Neurophysiology of Learning Disorders and Developmental Dysfunctions

Reaching Farther -  An Overview of Neurophysiology as Related to Learning Disorders and Developmental Dysfunctions

Learning disorders, developmental dysfunctions, and childhood psychological diagnosis are the fastest growing problems facing parents today. Therefore, there has been an increase in the demands on chiropractic physicians to give parents treatment and management options without the use of medication.

In the spectrum of learning disorders as well as psychological problems, there is often no diagnostic (anatomic or physiologic) evidence, (i.e. MRI, CT) that will identify the problem in the brain. However these are very definitively brain-based problems, with involvement of specific areas. These are termed 'functional' problems and may be caused by underactivity or lack of development in certain neurological pathways. As a result, the child often will have corresponding changes in neurolgic function. For example, they may have changes in sensory function, such as intolerance to many environmental stimuli.

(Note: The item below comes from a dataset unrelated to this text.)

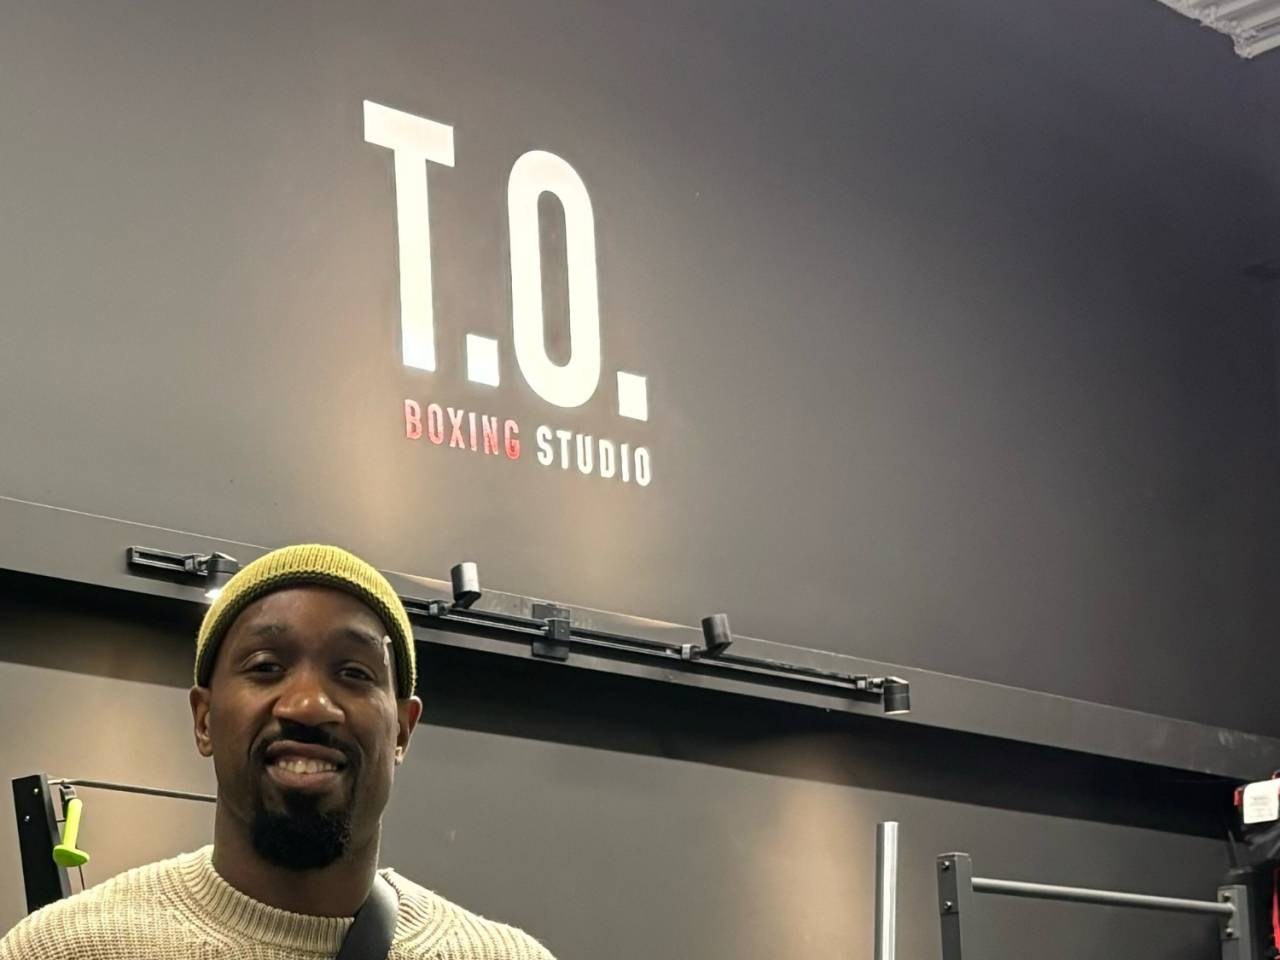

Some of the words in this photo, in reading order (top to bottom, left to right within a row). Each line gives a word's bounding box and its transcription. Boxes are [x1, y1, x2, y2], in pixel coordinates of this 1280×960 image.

Children also may experience changes in motor function, and/or incoordination in their ocular, gross motor, or fine motor abilities. Other changes are also present, such as changes in the balance centers (vestibular) and the areas that control muscle tone as well as functions such as digestion and respiration. By addressing the changes in neurologic function, by rehabilitating dysfunctional pathways we can subsequently affect the brain.

Overview of Neurophysiology 

Historically, the brain has often been described as a static organ system. Within the past ten to fifteen years, much of what we previously knew about the brain has changed. The current view is that the brain is functions more like a muscle, very dynamically changing in not only months or weeks, but literally at the speed of light. The cellular metabolic activity of the brain -- or its frequency of firing -- determines much of our cognitive, emotional and higher conscious thought.

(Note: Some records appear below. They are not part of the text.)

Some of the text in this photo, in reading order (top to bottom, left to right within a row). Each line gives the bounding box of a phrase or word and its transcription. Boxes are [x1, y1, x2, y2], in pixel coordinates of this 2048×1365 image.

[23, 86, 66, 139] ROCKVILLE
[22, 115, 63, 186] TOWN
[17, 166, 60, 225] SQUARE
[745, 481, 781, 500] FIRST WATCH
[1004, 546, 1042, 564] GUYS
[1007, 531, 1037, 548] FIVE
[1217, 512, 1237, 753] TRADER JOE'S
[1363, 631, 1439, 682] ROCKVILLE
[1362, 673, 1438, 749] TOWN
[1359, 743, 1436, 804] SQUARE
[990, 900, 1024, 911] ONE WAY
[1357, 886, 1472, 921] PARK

The functional unit of brain activity is the neuron. The primary functional activity of neurons is to survive by firing to other neurons and through gene coding expression. To survive, neurons need two things: fuel and activation. Fuel is oxygen and glucose; Activation is stimulation from the environment, (i.e. light, sound, touch, taste, smell, and sense of position (proprioception). Changes in either fuel or activation affects the neurons of the brain, making them more fatigable -- decreasing function or causing spontaneous firing . Factors that affect fuel delivery would be birth anoxia, dietary problems, and breathing difficulties.

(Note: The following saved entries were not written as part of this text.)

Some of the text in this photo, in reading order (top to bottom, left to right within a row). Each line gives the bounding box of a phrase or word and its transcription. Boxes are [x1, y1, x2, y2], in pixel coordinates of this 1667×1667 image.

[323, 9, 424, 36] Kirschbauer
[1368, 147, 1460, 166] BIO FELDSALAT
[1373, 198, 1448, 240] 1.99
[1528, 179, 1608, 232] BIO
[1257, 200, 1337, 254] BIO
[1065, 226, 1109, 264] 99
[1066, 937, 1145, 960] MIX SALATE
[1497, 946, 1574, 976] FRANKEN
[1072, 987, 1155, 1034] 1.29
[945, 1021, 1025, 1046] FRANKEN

On the topic of activation, we know that the environment influences our brain, and is brought into the brain by receptors -- light receptors in the eyes, sound in the ears, taste in the mouth, smell in the nose, touch in the skin. Propioception, or sense of position, is found in the muscles and joints of the body. It is the sense that we are least aware of but that has the most powerful influence because it is constant.

Proprioceptive receptors are found most in the muscles and joints of the spine, specifically of the cervical spine. Proprioception and spinal attitudes are a reflection of the cortical activity of the child. That is why we see such profound postural changes in these children. After the receptor the stimulus is relayed to thalamus, and then to other brain areas) except smell). Propioceptive afferents not only project to the thalamus but also relays to the cerebellum, then on to higher brain areas.

The brain itself is made of several key areas as follows: /p>

  • Cortex (subdivided into lobes)
    • Frontal
    • Parietal
    • Temporal
    • Occipital
  • Cerebellum
  • Basal Ganglia
  • Brainstem
  • Thalamus

Briefly speaking, the areas that are of most concern in our children is the cerebellum, the contralateral frontal lobe, and the basal ganglia. These areas develop and function in concert with one another. Therefore changes in the developing system most profoundly affect these areas. 

So What is the Problem?

The frontal lobe is subdivided into four main functional areas; we will cover this in general. In examining the function of the frontal cortex, it seems that each side of the frontal cortex is responsible for certain characteristic functions. For example, the left side of the brain is primarily responsible for positive emotions, language, math, reading, and details, approach behavior. The right side seems to associated with negative emotions, nonverbal communication, attention, new learning, timing, and withdrawal behavior.

Specifically in our children, as mentioned we see lack of development, or underactivity in neurons centrally in this area, and other areas as well. In general right frontal cortical problems can be associated with attentional and autistic spectrum behaviors. Loss of normal right side functions causes a loss of attention, an inability to interpret social cues and emotions, a lack of fear, motor planning problems, lack of boundaries etc.

On the contrary, left frontal cortical decreases will cause dyslexia, language problems, depression etc. Now children do not all fit these models exactly, however this is the general accepted view of spectrum disorders.

Subsequently the frontal cortex fires into the basal ganglia, which is a floodgate for motor and emotional activity. The basal ganglia is comprised of several relay nuclei that function to facilitate these functions. When the frontal areas decrease their bombardment of the basal ganglia, the neurons in these areas are subsequently affected.

Functional problems in the basal ganglia are associated with Tourette's S, OCD, tics, hemiballismus etc. The basal ganglia symptoms subsequently become part of the spectrum of signs that the child may present with. The cerebellum is another functional area that is of concern.

The role of the cerebellum is to receive incoming afferent feedback from muscles and joints and project to the contralateral brain.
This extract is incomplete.